**Exercise requirements:** Images embedded in the records are excluded; print everything else exactly as given.

**Material to process:**
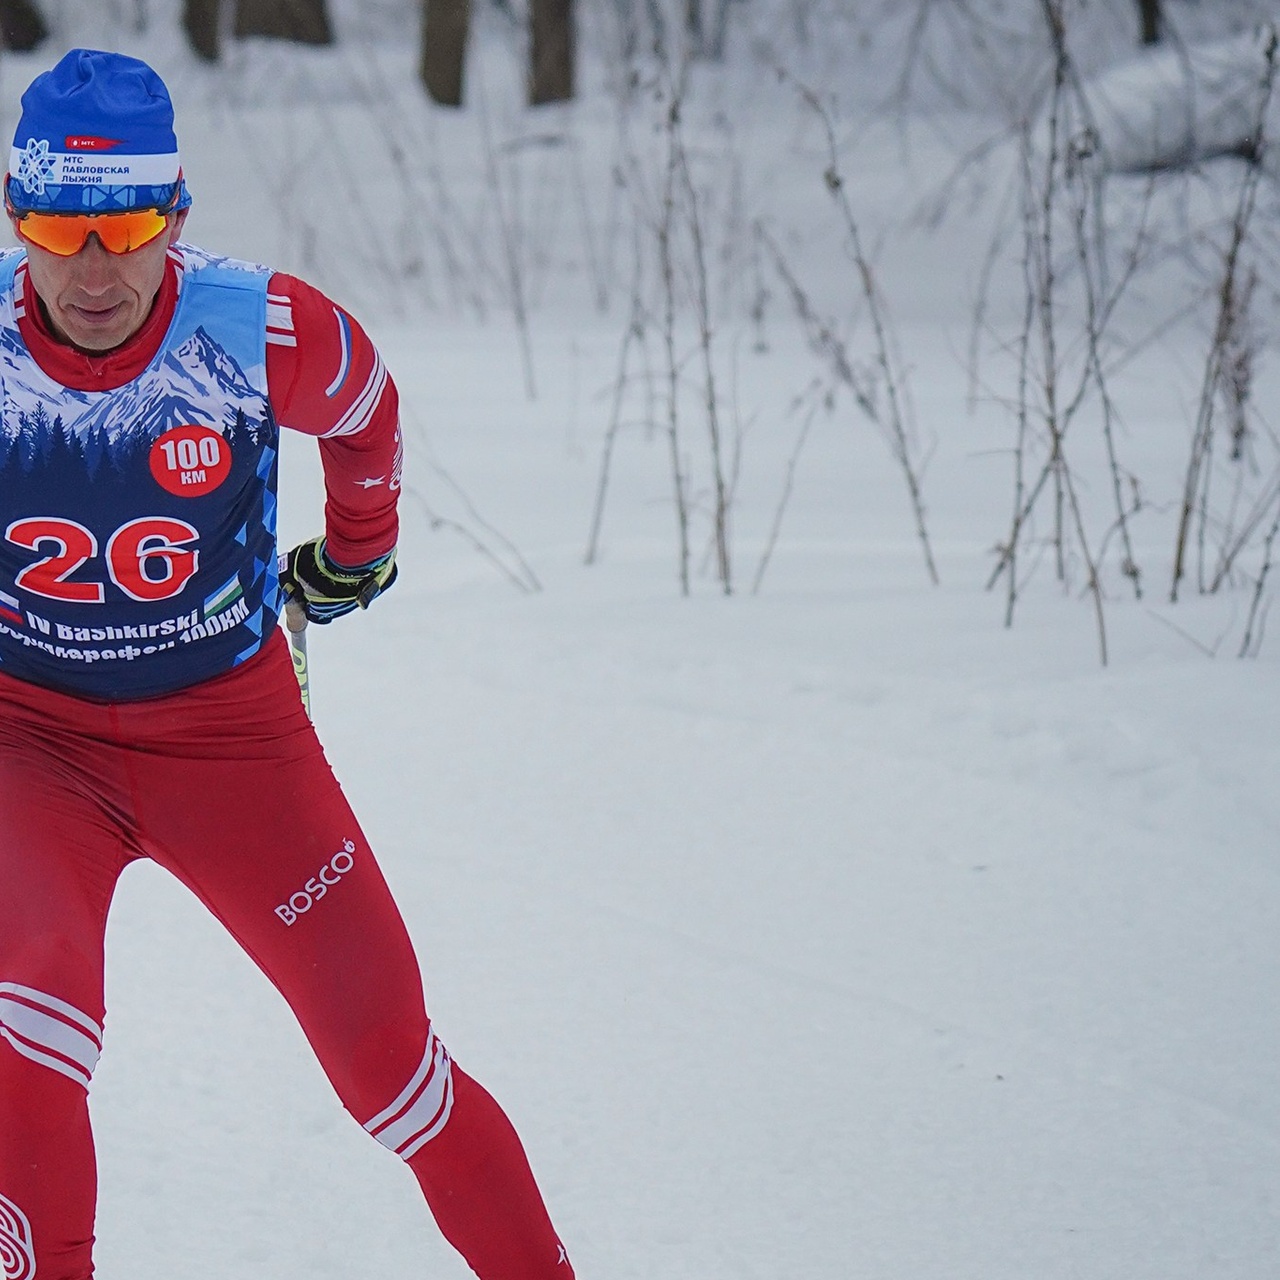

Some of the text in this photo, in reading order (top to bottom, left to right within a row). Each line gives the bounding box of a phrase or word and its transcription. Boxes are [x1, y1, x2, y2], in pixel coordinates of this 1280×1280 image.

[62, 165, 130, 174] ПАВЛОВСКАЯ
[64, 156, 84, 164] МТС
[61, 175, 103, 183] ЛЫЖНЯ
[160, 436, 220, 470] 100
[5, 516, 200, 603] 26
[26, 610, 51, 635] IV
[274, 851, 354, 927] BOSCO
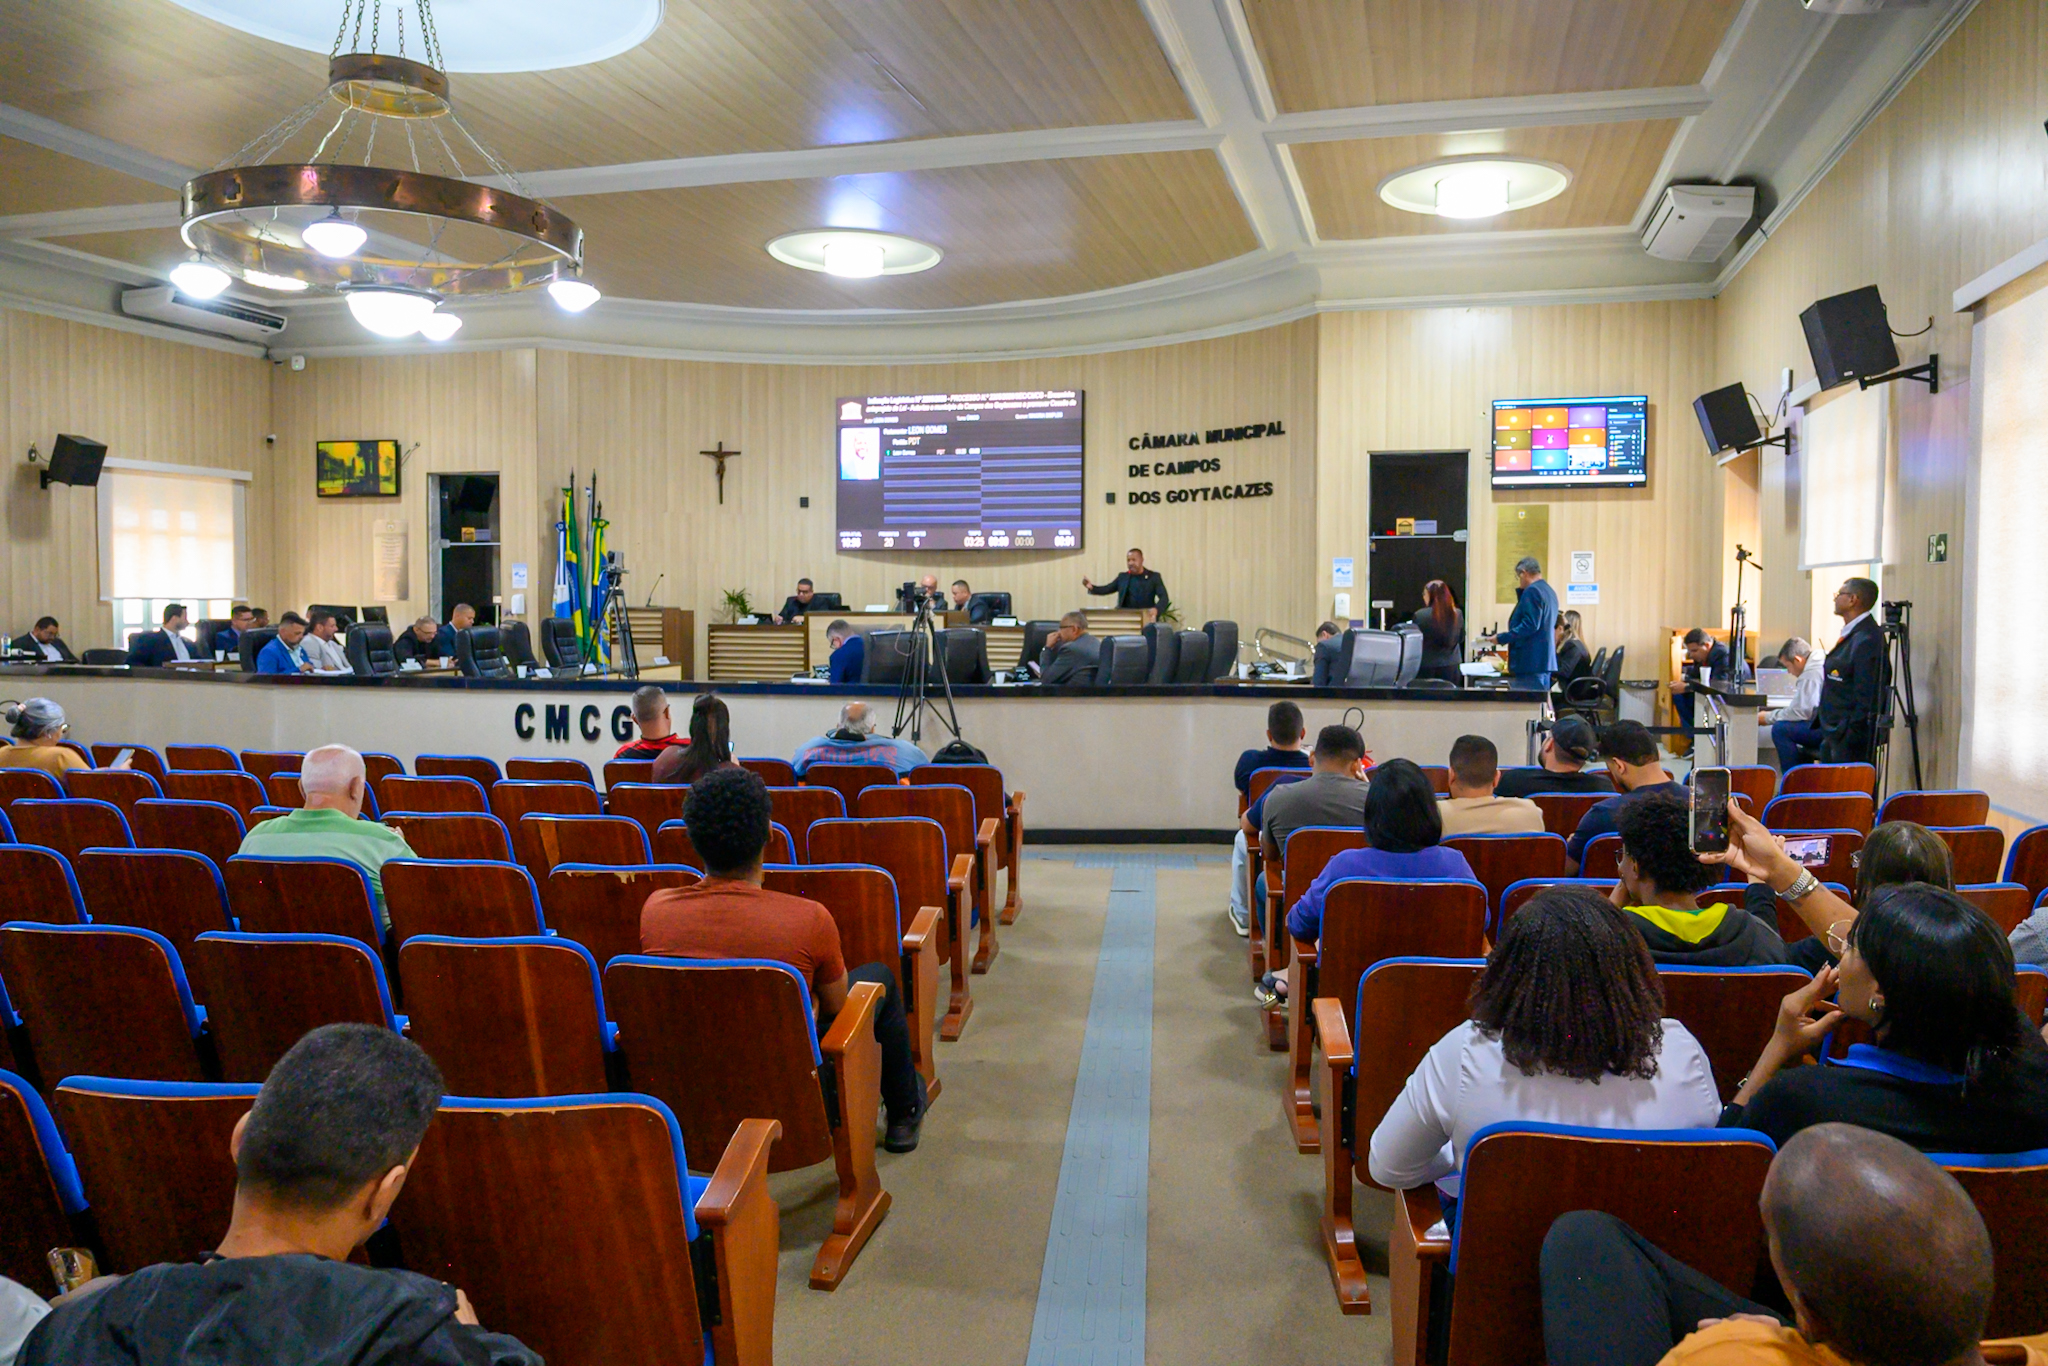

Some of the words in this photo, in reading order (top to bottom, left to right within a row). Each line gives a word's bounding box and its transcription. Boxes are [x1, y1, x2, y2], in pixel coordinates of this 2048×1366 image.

**Answer to the problem:**
Some of the text in this photo, in reading order (top to bottom, left to right within a row). Each line gives the bounding box of a phrase or word and its transcription. Boxes are [x1, y1, x2, y2], in pixel coordinates of this 1280×1280 image.

[62, 165, 130, 174] ПАВЛОВСКАЯ
[64, 156, 84, 164] МТС
[61, 175, 103, 183] ЛЫЖНЯ
[160, 436, 220, 470] 100
[5, 516, 200, 603] 26
[26, 610, 51, 635] IV
[274, 851, 354, 927] BOSCO

Some of the words in this photo, in reading order (top to bottom, left to right within a row). Each line gives a word's bounding box and its transcription. Boxes are [x1, y1, x2, y2], in pixel coordinates of this 2048×1366 image.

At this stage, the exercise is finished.